Holy Name Church in West Roxbury is a Roman Catholic church of the Archdiocese of Boston.

Among the largest and most distinguished buildings in the western section of Boston, the imposing Romanesque Revival church dominates the rotary where it is located and provides an interesting contrast to the Gothic St. Theresa Roman Catholic Church, a mile down Centre Street. Holy Name Church is a relatively large building with an upper and lower church.

==Founding and early development==
The parish was founded in 1927 under the leadership of Fr. William P. McNamara, the first pastor. It was developed from Sacred Heart in Roslindale and St. Teresa in West Roxbury. Prior to the construction of a church, services were held in the Bellevue Community Theatre in Roslindale.

Although the basement church was ready for Midnight Mass in 1929 work on the superstructure progressed more slowly and the church was not completed until 1939.

December 1942 saw the funeral of a number of victims of the Cocoanut Grove fire at Holy Name.

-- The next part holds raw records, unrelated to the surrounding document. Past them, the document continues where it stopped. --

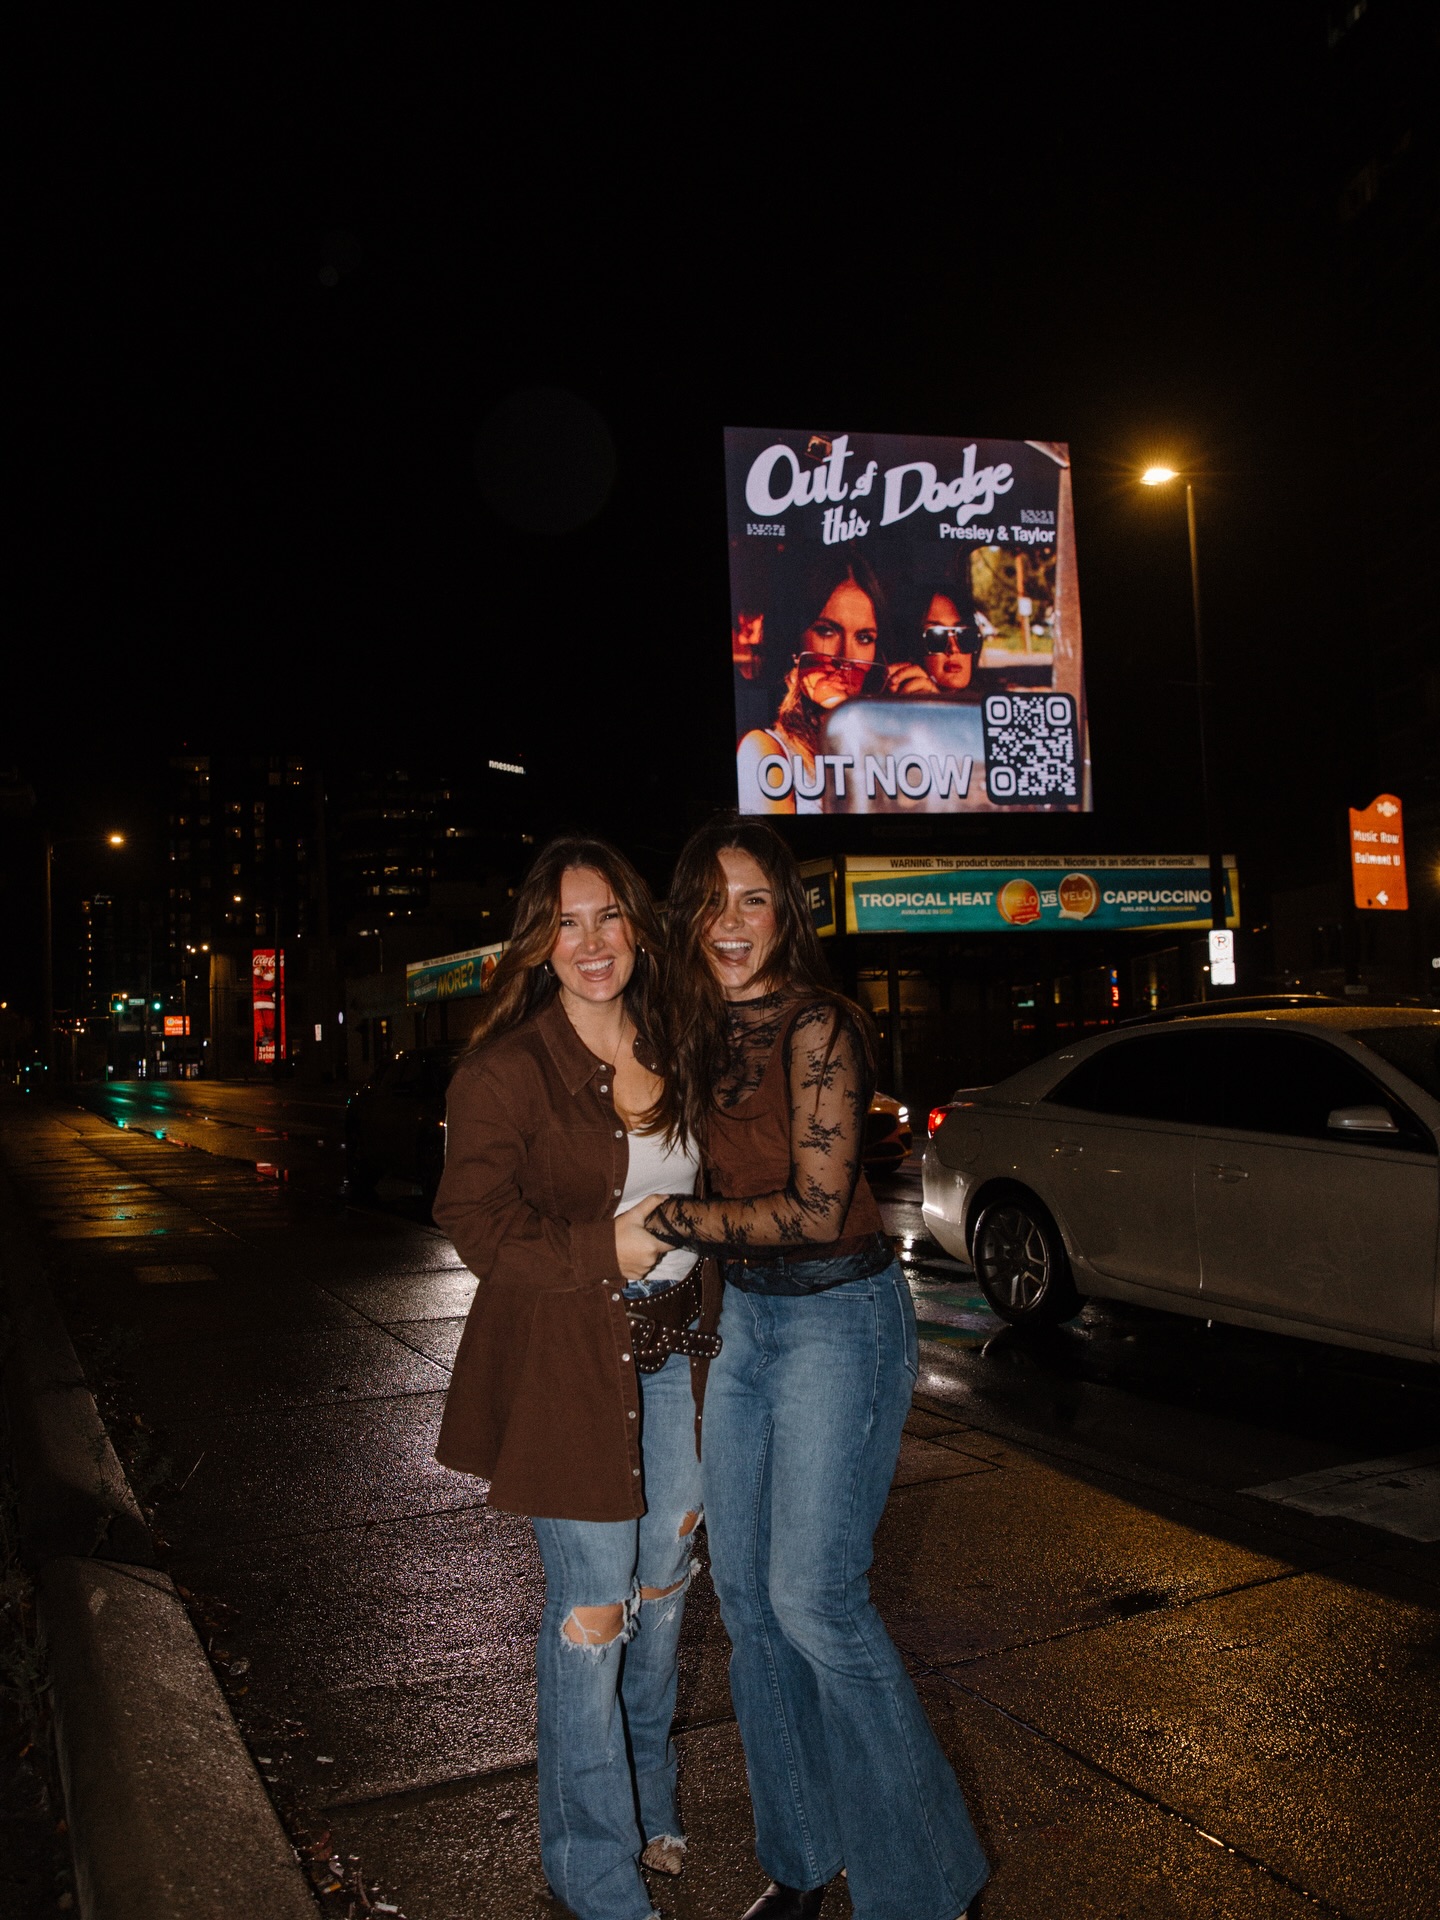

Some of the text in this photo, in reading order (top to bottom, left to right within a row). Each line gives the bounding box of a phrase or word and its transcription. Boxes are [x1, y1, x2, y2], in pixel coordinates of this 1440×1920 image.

[745, 434, 1015, 526] Out of Dodge
[821, 505, 870, 545] this
[939, 522, 1056, 545] Presley & Taylor
[757, 754, 973, 801] OUT NOW
[1353, 830, 1400, 844] Music Row
[890, 859, 934, 868] WARNING:
[936, 859, 953, 867] This
[956, 859, 988, 868] product
[990, 858, 1025, 867] contains
[1027, 858, 1062, 867] nicotine.
[1064, 858, 1097, 866] Nicotine
[1099, 858, 1106, 866] is
[1120, 857, 1156, 866] addictive
[1158, 857, 1195, 866] chemical.
[859, 891, 993, 907] TROPICAL HEAT
[1041, 893, 1057, 904] VS
[1103, 890, 1212, 904] CAPPUCCINO
[437, 961, 475, 998] MORE?

In 1944, during renovations at Holy Cross Cathedral, ordinations were held at Holy Name.

==Architecture==
The architect of the church was Edward T. P. Graham who designed many Roman Catholic churches in Boston and the Midwest. The design of the dome in the main sanctuary is replicated from that of the Basilica di San Clemente in Rome. St. Clemente had been the titular church of Boston Cardinal William Henry O'Connell when Holy Name was built. Above the entrance is a frieze with niches holding statues of saints.

==Holy Name Complex==
A large Colonial Revival style rectory, also designed by Graham, is situated directly behind the church. The Holy Name Elementary School, Parish Hall and Convent designed in 1953 by architects Perry, Shaw and Hepburn is located directly across the street.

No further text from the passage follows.